All records below are to be transcribed exactly, with every picture left out.

Records contained in a dataset:
◆ ◆ ◆
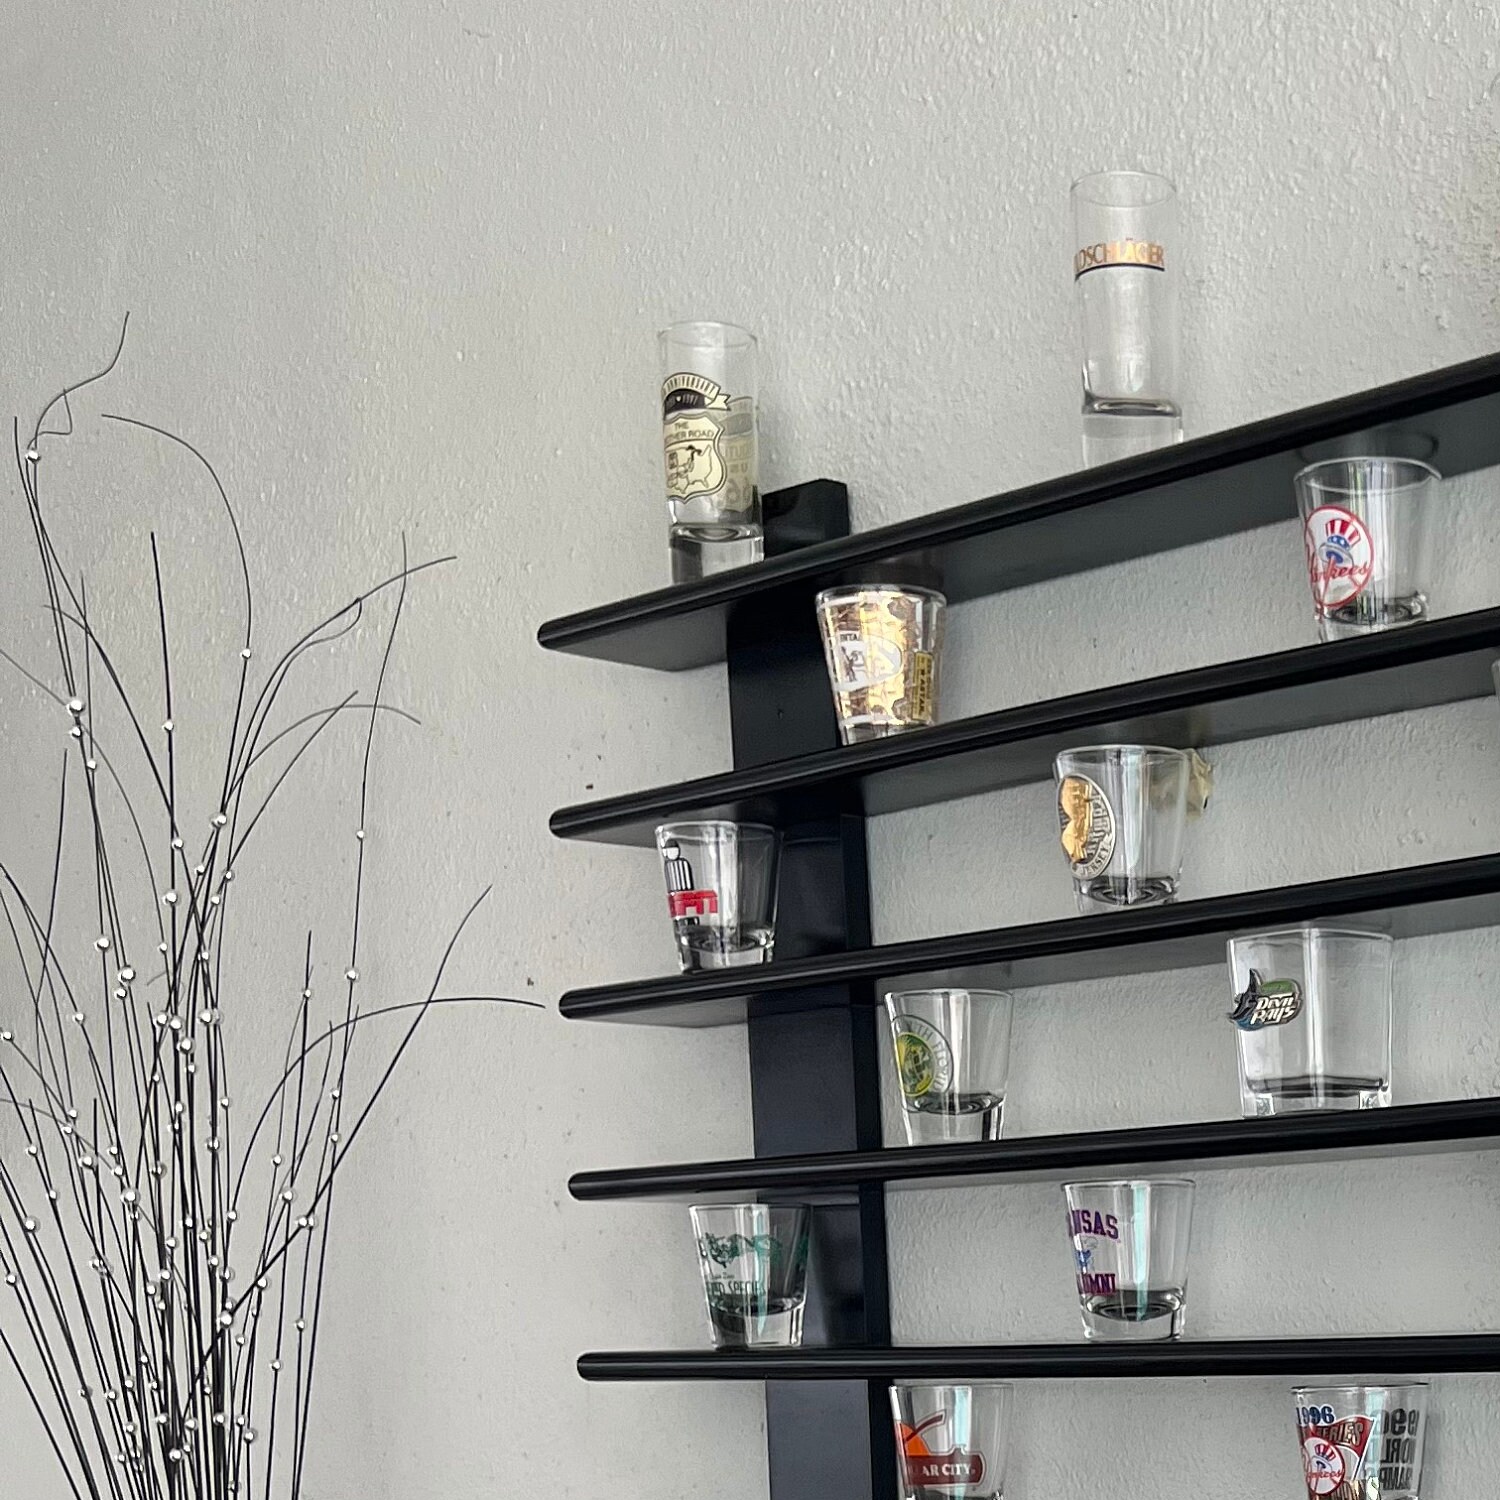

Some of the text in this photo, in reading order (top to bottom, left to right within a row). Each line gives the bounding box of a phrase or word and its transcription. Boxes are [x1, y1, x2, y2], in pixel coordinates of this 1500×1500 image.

[674, 421, 689, 430] THE
[688, 429, 715, 438] ROAD
[1296, 1404, 1335, 1426] 1996
[941, 1463, 971, 1476] CITY
◆ ◆ ◆
Result for this exercise
Some of the text in this photo, in reading order (top to bottom, left to right within a row). Each line gives the bounding box of a phrase or word and its transcription. Boxes are [x1, y1, x2, y2], in pixel coordinates of this 1500×1500 image.

[674, 421, 689, 430] THE
[688, 429, 715, 438] ROAD
[1296, 1404, 1335, 1426] 1996
[941, 1463, 971, 1476] CITY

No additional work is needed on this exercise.